Connecticut’s SB 1235 Targets Sweepstakes Casinos with Felony Penalties and Lottery Courier Ban
Connecticut’s Senate Bill 1235, nearing a full Senate vote, aims to outlaw sweepstakes casinos and lottery couriers to curb unregulated gambling.

A Crackdown on Unregulated Gaming
Connecticut’s Senate Bill 1235, filed by the General Law Committee on February 5, 2025, is charging toward a full Senate vote after unanimous committee wins 22-0 in the General Law Committee in March and 37-0 in the Judiciary Committee in April.
Cleared by the Legislative Commissioners’ Office on May 6, it’s now on the Senate calendar, with the session ending June 4. The bill bans sweepstakes and promotional drawings that use simulated gambling devices or enable real or fake online casino games or sports betting, except for grocery chains offering non-cash prizes tied to sales.
It also slams the door on lottery courier services like Jackpocket, defining them as for-profit entities buying tickets for profit. “No person shall operate a ticket courier service in this state,” the bill states. Violators face Class D felony charges, up to five years in prison, and $5,000 fines.
Broader Changes and Challenges
SB 1235 is part of Connecticut’s fight to squash unregulated gambling, protecting its taxed, legal iGaming market, which hit a $31.9 million revenue record in October 2024.

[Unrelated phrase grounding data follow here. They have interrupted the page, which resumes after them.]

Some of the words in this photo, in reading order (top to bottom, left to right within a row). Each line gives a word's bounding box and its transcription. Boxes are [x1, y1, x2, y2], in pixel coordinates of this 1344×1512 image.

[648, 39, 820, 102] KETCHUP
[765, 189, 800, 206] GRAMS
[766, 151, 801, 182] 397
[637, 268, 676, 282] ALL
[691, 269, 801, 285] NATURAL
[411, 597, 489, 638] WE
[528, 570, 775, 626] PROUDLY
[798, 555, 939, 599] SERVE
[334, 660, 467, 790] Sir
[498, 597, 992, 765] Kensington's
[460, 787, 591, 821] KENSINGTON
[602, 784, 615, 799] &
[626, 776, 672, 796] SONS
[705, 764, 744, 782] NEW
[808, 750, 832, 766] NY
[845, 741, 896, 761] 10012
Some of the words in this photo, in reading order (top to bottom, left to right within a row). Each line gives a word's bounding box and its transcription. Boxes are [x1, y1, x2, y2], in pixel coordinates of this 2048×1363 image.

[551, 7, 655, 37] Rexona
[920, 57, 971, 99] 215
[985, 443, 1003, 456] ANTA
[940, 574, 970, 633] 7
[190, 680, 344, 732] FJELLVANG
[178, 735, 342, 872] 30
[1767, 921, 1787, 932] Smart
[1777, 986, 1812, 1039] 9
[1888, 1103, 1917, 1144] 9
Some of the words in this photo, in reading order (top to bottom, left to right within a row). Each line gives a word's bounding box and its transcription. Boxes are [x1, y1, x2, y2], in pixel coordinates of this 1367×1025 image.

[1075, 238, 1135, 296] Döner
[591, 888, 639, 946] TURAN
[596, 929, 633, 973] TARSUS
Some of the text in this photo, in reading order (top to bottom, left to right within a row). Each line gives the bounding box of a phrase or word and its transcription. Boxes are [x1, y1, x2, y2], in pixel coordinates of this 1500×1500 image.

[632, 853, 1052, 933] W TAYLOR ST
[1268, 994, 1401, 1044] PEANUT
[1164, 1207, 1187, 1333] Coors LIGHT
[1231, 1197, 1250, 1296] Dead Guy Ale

Sweepstakes casinos, using dual-currency systems like Sweeps Coins, skirt regulations by offering free play with cash-redeemable prizes, siphoning revenue from state-approved operators. Last year, the Department of Consumer Protection (DCP) sent cease-and-desist letters to Virtual Gaming Worlds and High 5 Games, with 911 High 5 players losing $937,938, including 108 on the state’s exclusion list.
Lottery couriers, buying tickets for clients, also dodge oversight, prompting the ban. The bill allows seizure of simulated gambling devices and labels violations as unfair trade practices. “The bill reflects Connecticut’s commitment to regulating online gambling,” said analyst Wilna van Wyk. Grocery chains get a pass for promotional sweepstakes tied to food sales, but only if prizes are discounts, not cash.
Beyond bans, SB 1235 greenlights bets on boxing, MMA, and Connecticut college teams, pending tribal compact updates with the Mashantucket Pequot and Mohegan tribes, needing federal approval. It also lets the governor sign multi-state deals for peer-to-peer games like poker, effective July 1, 2025, potentially joining the Multi-State Internet Gaming Agreement.
The DCP gets beefed-up oversight, with powers to suspend licenses, fine up to $2,500, and demand records. New ad rules ban targeting minors or misleading claims. B
ut the bill’s tough stance could spark pushback. Sweepstakes operators argue they’re legal entertainment, not gambling. “This bill unjustly targets sweepstakes,” said the Social & Promotional Games Association.